Nvidia benchmark tests show impressive gains in training AI models
Nvidia announced that systems based on its graphics processor units (GPUs) are delivering 3 to 5 times better performance when it comes to training AI models than they did a year ago, according to the latest MLPerf benchmarks published yesterday.
The MLPerf benchmark is maintained by the MLCommons Association, a consortium backed by Alibaba, Facebook AI, Google, Intel, Nvidia, and others that acts as an independent steward.
The latest set of benchmarks span eight different workloads covering a range of use cases for AI model training, including speech recognition, natural language processing, object detection, and reinforcement learning. Nvidia claims its OEM partners were the only systems vendors to run all the workloads defined by the MLPerf benchmark across a total of 4,096 GPUs. Dell, Fujitsu, Gigabyte Technology, Inspur, Lenovo, Nettrix, and Supermicro all provided on-premises systems certified by Nvidia that were used to run the benchmark.
Nvidia claims that overall it improved more than any of its rivals, delivering as much as 2.1 times more performance than the last time the MLPerf benchmarks were run. Those benchmarks provide a reliable point of comparison that data scientists and IT organizations can use to make an apples-to-apples comparison between systems, said Paresh Kharya, senior director for product management for Nvidia. “MLPerf is an industry-standard benchmark,” he said.
Trying to quantify the unknown
It’s not clear to what degree IT organizations are relying on consortiums’ benchmarks to decide what class of system to acquire. Each workload deployed by an IT team is fairly unique, so benchmarks are no guarantee of actual performance. Arguably, the most compelling thing about the latest benchmark results is they show that systems acquired last year or even earlier continue to improve in overall performance as software updates are made. That increased level of performance could reduce the pace at which Nvidia-based systems may need to be replaced.

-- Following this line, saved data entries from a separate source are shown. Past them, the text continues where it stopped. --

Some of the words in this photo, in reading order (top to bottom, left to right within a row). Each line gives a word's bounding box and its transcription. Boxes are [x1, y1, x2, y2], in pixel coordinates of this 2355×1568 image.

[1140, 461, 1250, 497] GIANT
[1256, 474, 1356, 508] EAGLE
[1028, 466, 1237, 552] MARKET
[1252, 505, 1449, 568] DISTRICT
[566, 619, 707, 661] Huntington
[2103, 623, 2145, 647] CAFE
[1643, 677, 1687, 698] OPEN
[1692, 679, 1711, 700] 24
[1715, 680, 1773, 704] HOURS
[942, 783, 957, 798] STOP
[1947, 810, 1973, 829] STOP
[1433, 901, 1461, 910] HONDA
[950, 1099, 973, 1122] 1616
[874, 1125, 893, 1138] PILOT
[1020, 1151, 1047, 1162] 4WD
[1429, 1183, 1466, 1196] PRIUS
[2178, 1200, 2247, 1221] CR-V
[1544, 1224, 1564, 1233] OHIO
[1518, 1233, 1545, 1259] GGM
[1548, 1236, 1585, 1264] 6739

Of course, the number of organizations investing in on-premises IT platforms to run AI workloads is unknown. Some certainly prefer to train AI models in on-premises IT environments for a variety of security, compliance, and cloud networking reasons. However, the cost of acquiring a GPU-based server tends to make consuming GPUs on demand via a cloud service a more attractive alternative for training AI models until the organization hits a certain threshold in number of models being trained simultaneously.

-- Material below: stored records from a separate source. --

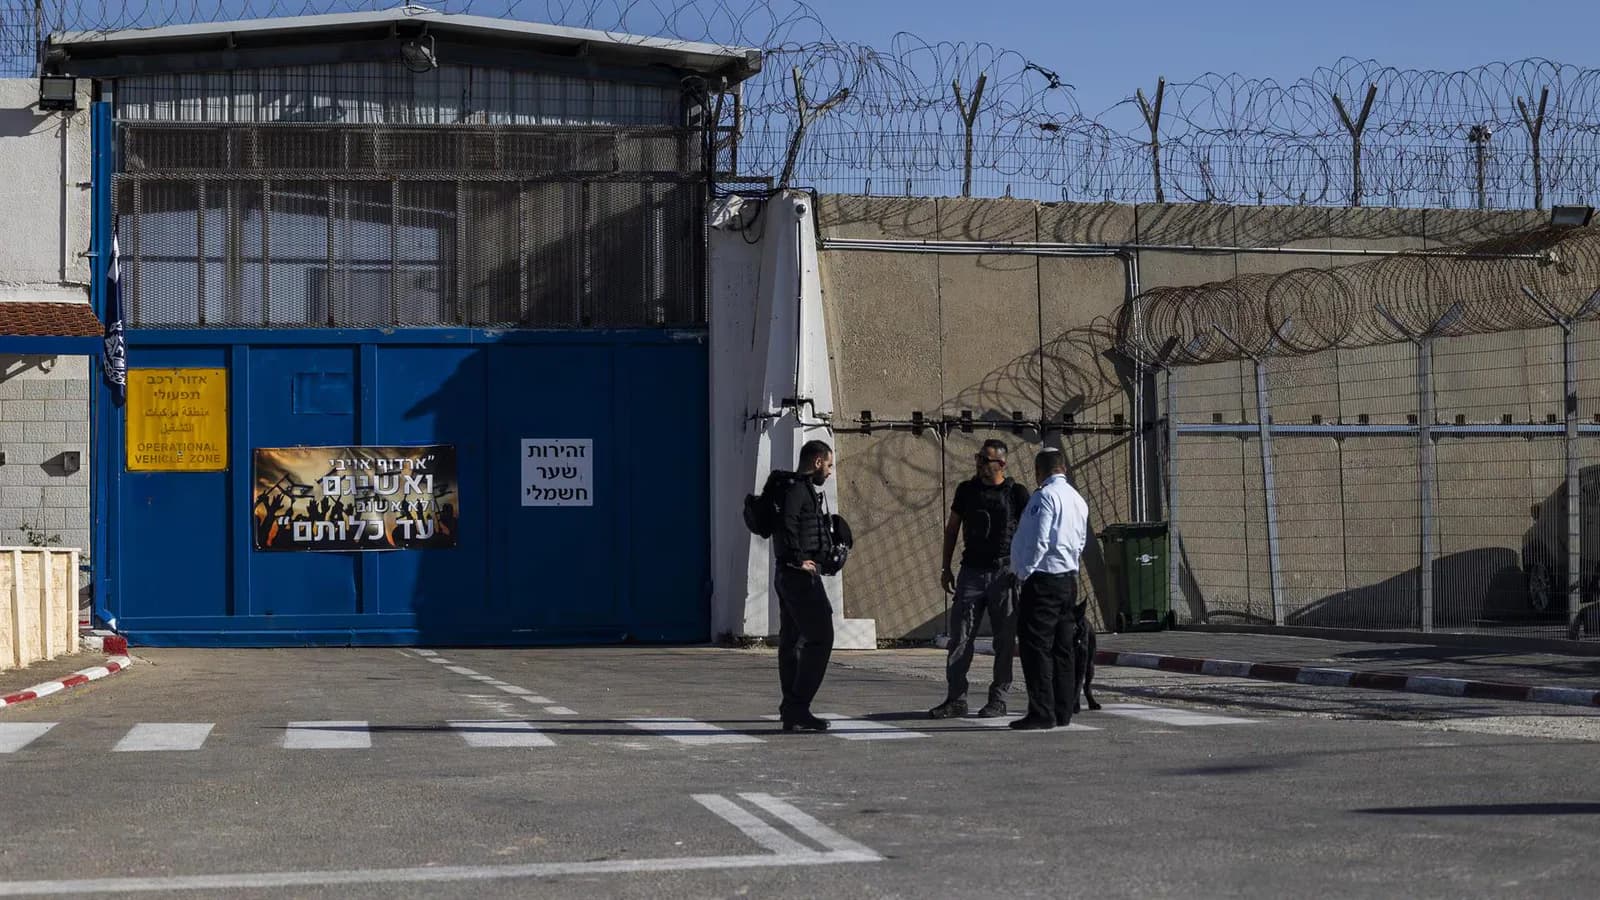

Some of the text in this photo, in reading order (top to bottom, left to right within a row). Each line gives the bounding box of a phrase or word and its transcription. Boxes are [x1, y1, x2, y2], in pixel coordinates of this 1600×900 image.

[147, 375, 207, 385] אזור רכב
[154, 389, 201, 400] תפעולי
[137, 443, 219, 452] OPERATIONAL
[528, 445, 586, 458] זהירות
[135, 454, 221, 464] VEHICLE ZONE
[328, 458, 371, 471] אויבי
[536, 465, 577, 480] שער
[322, 474, 433, 496] ואשיגם
[526, 484, 588, 500] חשמלי
[356, 500, 401, 513] אשוב
[396, 518, 434, 540] עד

Alternatively, providers of on-premises platforms are increasingly offering pricing plans that enable organizations to consume on-premises IT infrastructure using the same model as a cloud service provider.
Other classes of processors might end up being employed to train an AI model. Right now, however, GPUs — thanks to their inherent parallelization capabilities — have proven themselves to be the most efficient option.
Regardless of the platform employed, the number of AI models being trained continues to steadily increase. There is no shortage of use cases involving applications that could be augmented using AI. The challenge in many organizations now is prioritizing AI projects given the cost of GPU-based platforms. Of course, as consumption of GPUs increases, the cost of manufacturing them will eventually decline.
As organizations create their road maps for AI, they should be able to safely assume that both the amount of time required and the total cost of training an AI model will continue to decline in the years ahead — even allowing for the occasional processor shortage brought on by unpredictable “black swan” events such as the COVID-19 pandemic.